Una mañana le contó la historia del sura Dieciocho, la que habla de los hombres que vivían en una ciudad que había abandonado a Dios, y Dios los había llevado a una cueva y les había hecho dormir durante lo que a ellos les había parecido una sola noche; y al salir se habían dado cuenta de que habían pasado trescientos nueve años.

—De la misma manera, con vuestro trabajo, poderoso Akbar, vos nos lanzáis al futuro.

Otra mañana le contó la historia de El-Khadir, el famoso visir de Dhoulkarnain, de quien se decía que había bebido de la fuente de la vida, en virtud de lo cual aún vive, y vivirá hasta el día del juicio final; este visir se había aparecido, vestido con una bata verde, ante algunos musulmanes en peligro, para ayudarlos.

—De la misma manera, el trabajo que aquí realizáis, gran Akbar, se mantendrá eternamente para ayudar a los musulmanes en peligro.

El emperador parecía apreciar aquellas frescas conversaciones a la hora de rocío. Invitó a Bistami a que lo acompañara en varias cacerías, y Bistami y su séquito ocupaban una gran tienda blanca, y pasaban los días de calor cabalgando por la selva siguiendo los ladridos de los perros o las voces de los batidores, o, algo que era más del agrado de Bistami, se sentaban sobre el castillo de un elefante, y observaban a los grandes halcones cuando volaban desde la muñeca de Akbar para remontar las alturas y descender en picado sobre una liebre o un pájaro. Akbar fijaba la atención en sus invitados igual que lo hacían los halcones.
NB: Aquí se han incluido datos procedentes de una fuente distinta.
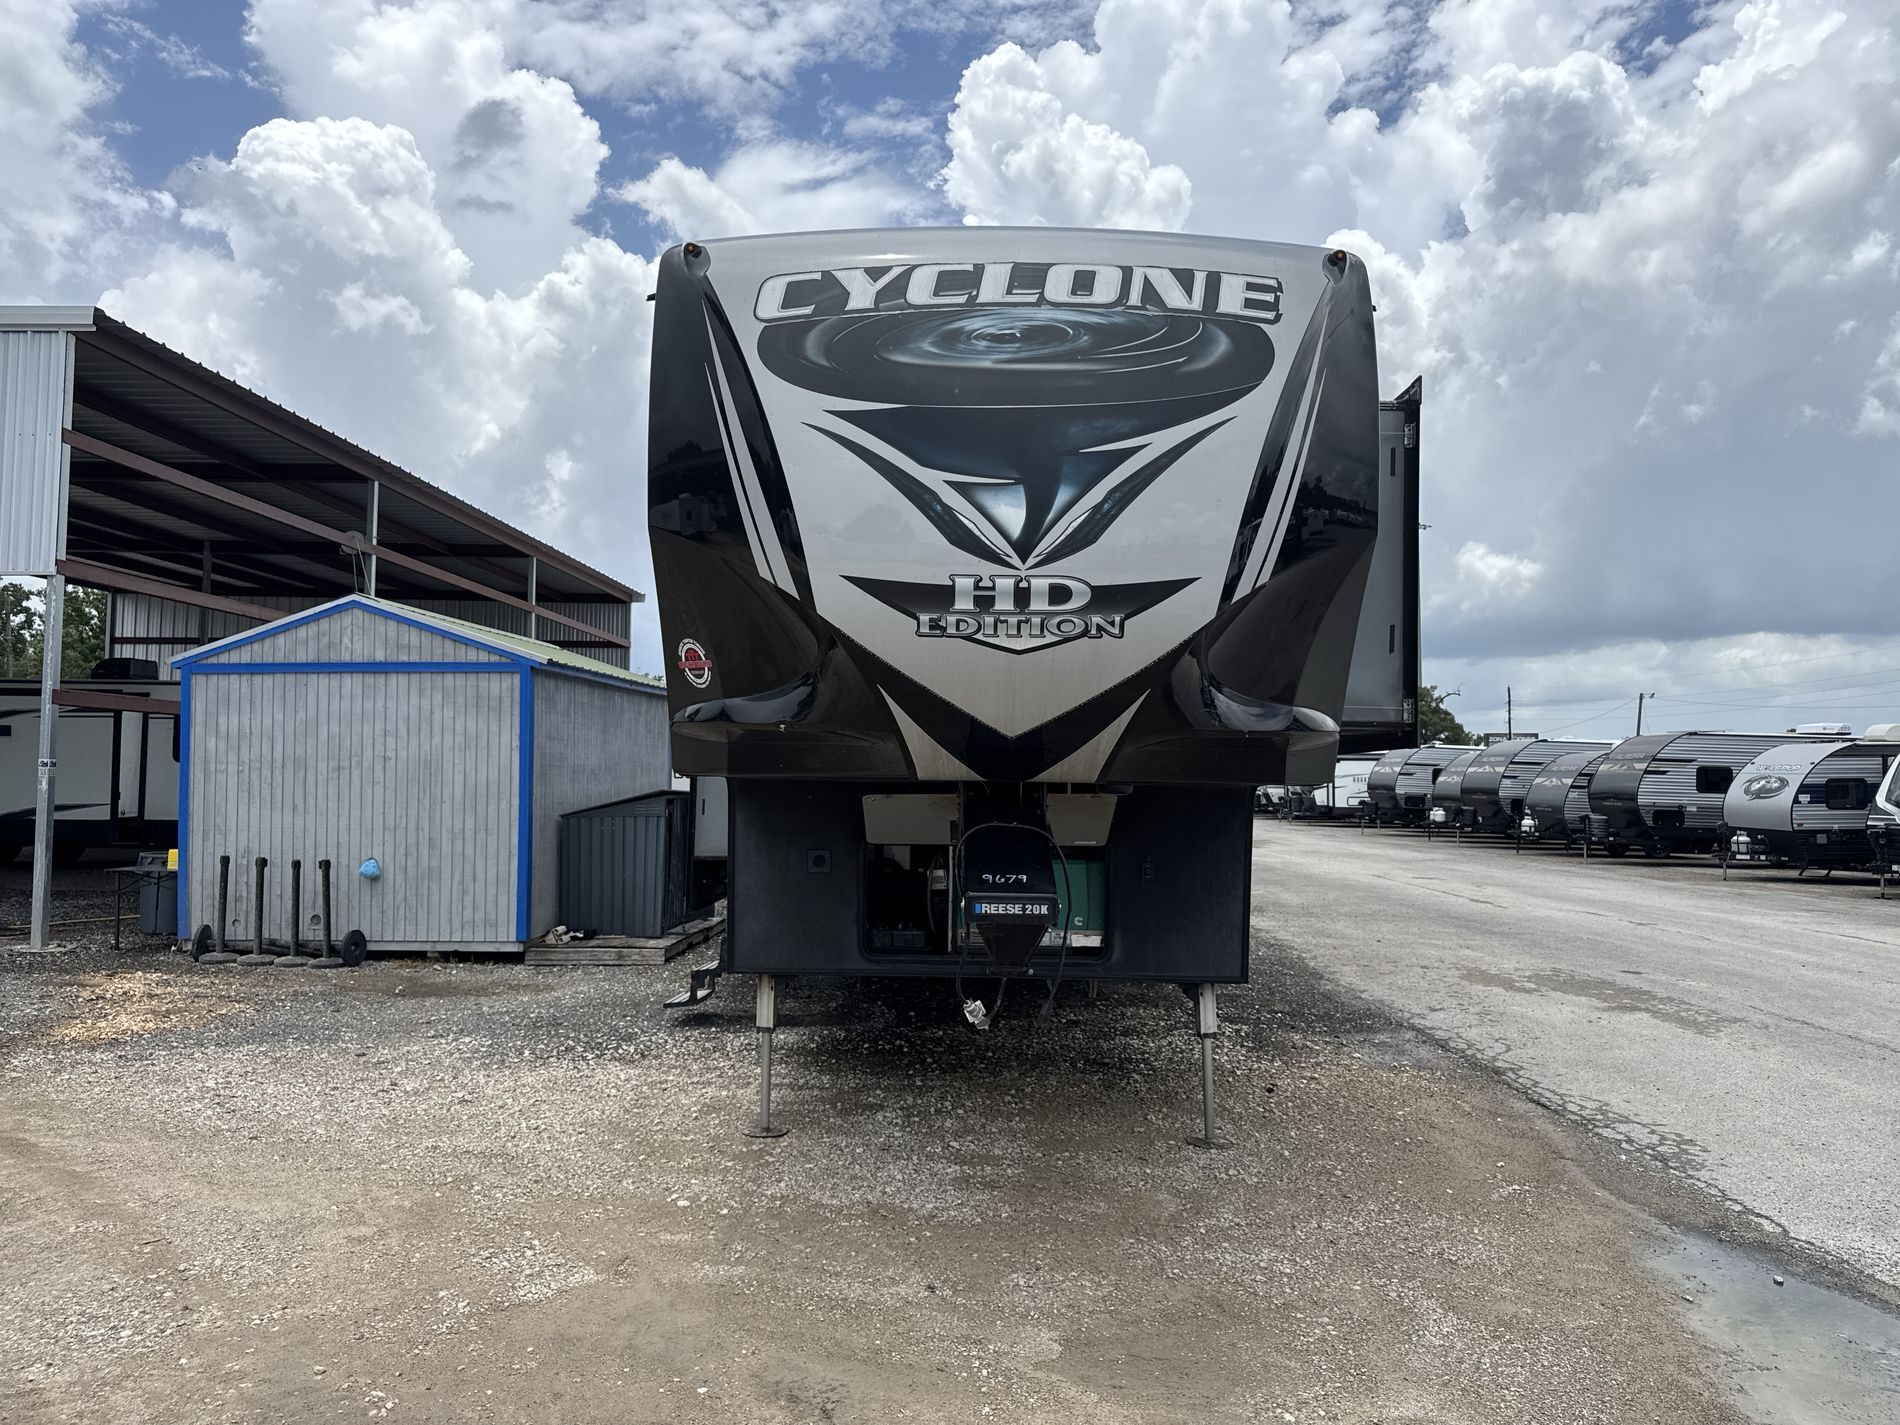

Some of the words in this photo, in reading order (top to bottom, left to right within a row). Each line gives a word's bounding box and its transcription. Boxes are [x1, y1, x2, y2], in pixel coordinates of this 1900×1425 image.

[754, 262, 1281, 322] CYCLONE
[949, 575, 1092, 613] HD
[916, 613, 1125, 638] EDITION
[981, 873, 1028, 884] 9679
[981, 903, 1023, 915] REESE
[1025, 904, 1049, 915] 20K
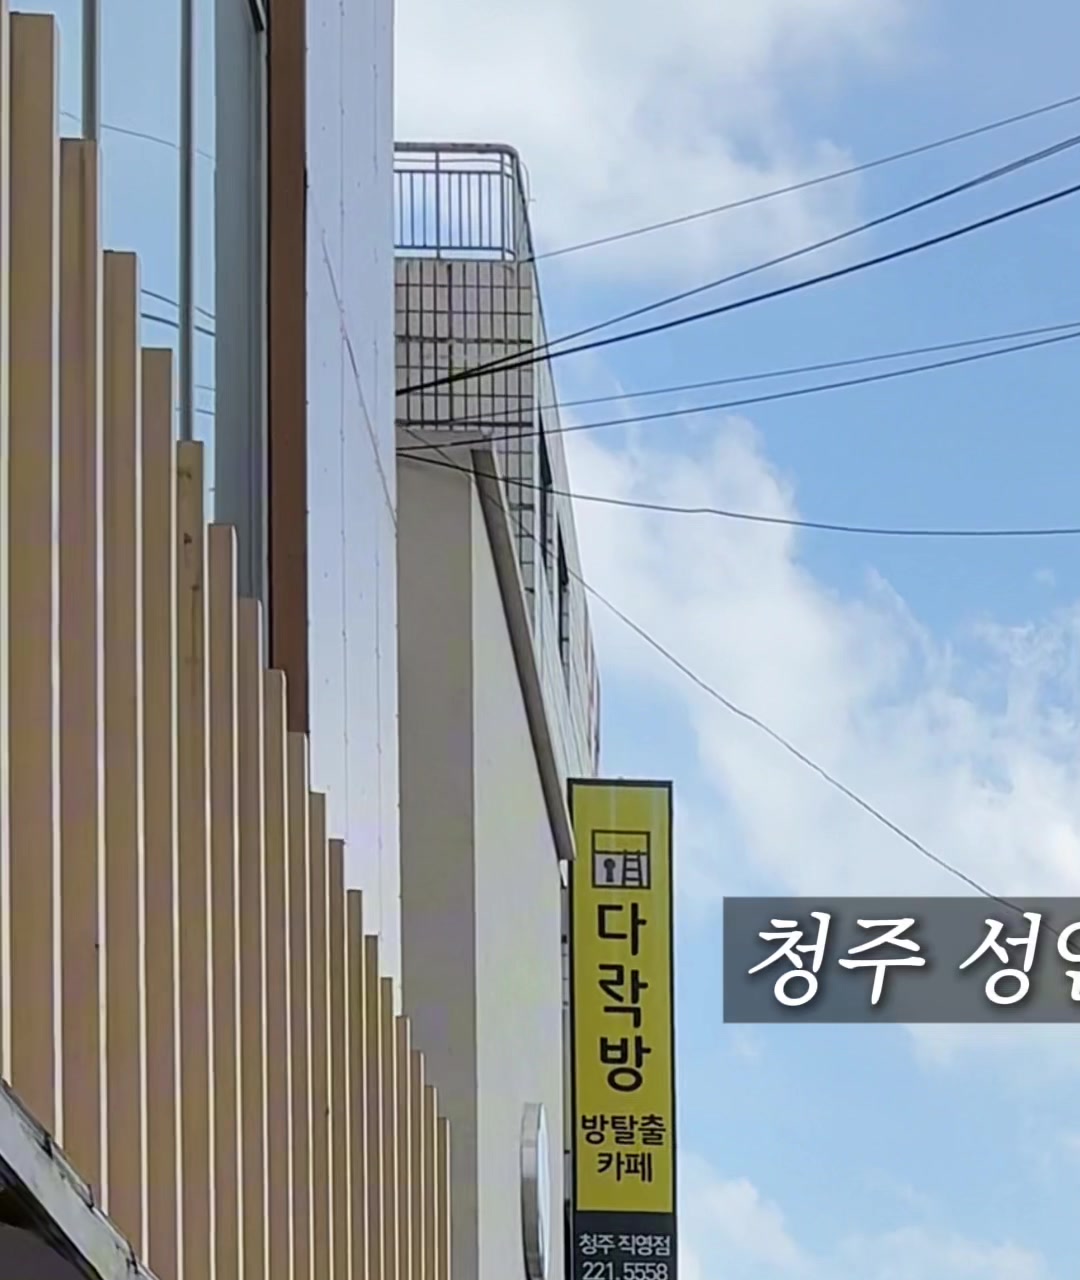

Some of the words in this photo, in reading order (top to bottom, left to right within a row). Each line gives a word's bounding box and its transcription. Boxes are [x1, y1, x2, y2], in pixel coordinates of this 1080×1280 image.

[597, 902, 652, 1093] 다락방
[580, 1113, 667, 1146] 방탈출
[597, 1151, 653, 1183] 카페
[578, 1233, 615, 1257] 청주
[617, 1233, 671, 1257] 직영점
Akbar adoraba a sus halcones, como si formaran parte de su familia; siempre pasaba los días de caza con un humor excelente. Llamaba a Bistami para que acudiese a su lado y dijera una bendición para los portentosos pájaros, que tenían la vista perdida en el horizonte, tranquilos. Luego eran lanzados al aire, y batían las alas con fuerza para subir a gran velocidad hasta llegar a la altura ideal para la caza, desplegando por completo sus enormes alas. Cuando los halcones se ponían a girar en lo alto, se soltaban algunas palomas. Estos pájaros volaban tan de prisa como podían para ocultarse en los árboles o los matorrales, pero en general su velocidad no alcanzaba para escapar al ataque de las aves imperiales. Sus cuerpos rotos eran traídos de regreso por aquellas aves de rapiña a los pies de los criados del emperador; luego los halcones volaban nuevamente hasta la muñeca de Akbar, donde eran recibidos con una mirada tan fija la propia y con trozos de cordero crudo.

Uno de esos días tan felices fue interrumpido por malas noticias provenientes del sur. Un mensajero llegó diciendo que la campaña de Adham Kan contra el Sultán de Malwa, Baz Bahadur, había sido exitosa, pero que el ejército del kan había matado a todos los prisioneros, hombres, mujeres y niños de la ciudad de Malwa, incluidos muchos teólogos musulmanes, y hasta algunos sayyids, es decir, descendientes directos del Profeta.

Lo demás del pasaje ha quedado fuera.